:: DATASET CONTENT ::
Segment Open

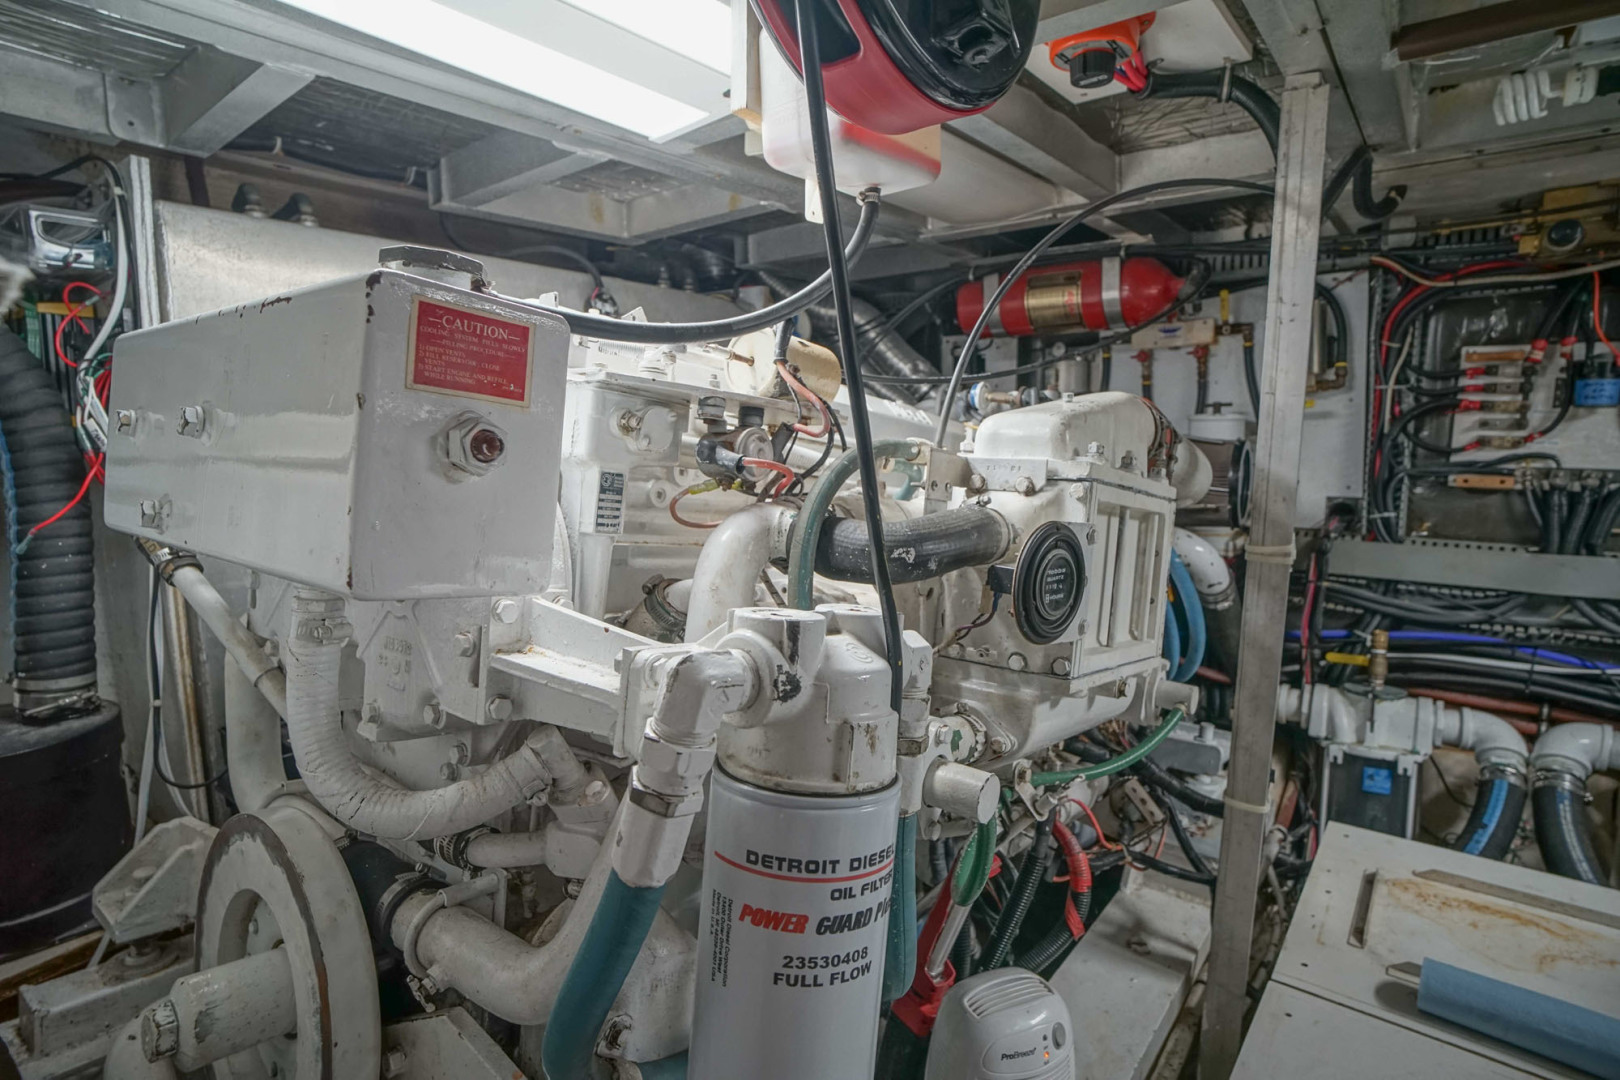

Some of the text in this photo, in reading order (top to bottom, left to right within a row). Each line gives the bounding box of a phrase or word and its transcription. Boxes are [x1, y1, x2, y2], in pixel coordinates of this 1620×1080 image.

[420, 325, 448, 336] COOLING
[454, 334, 478, 342] SYSTEM
[442, 315, 508, 340] CAUTION
[746, 845, 895, 874] DETROIT DIESEL
[831, 887, 856, 901] OIL
[738, 904, 809, 934] POWER
[816, 906, 873, 935] GUARD
[782, 947, 868, 969] 23530408
[773, 961, 872, 987] FULL FLOW

Segment Closed

:: HOW TO COMPLETE THIS TASK ::
Each line of the data must be restated exactly, and the pictures must be left out.

:: TASK ANSWER ::
Some of the text in this photo, in reading order (top to bottom, left to right within a row). Each line gives the bounding box of a phrase or word and its transcription. Boxes are [x1, y1, x2, y2], in pixel coordinates of this 1620×1080 image.

[420, 325, 448, 336] COOLING
[454, 334, 478, 342] SYSTEM
[442, 315, 508, 340] CAUTION
[746, 845, 895, 874] DETROIT DIESEL
[831, 887, 856, 901] OIL
[738, 904, 809, 934] POWER
[816, 906, 873, 935] GUARD
[782, 947, 868, 969] 23530408
[773, 961, 872, 987] FULL FLOW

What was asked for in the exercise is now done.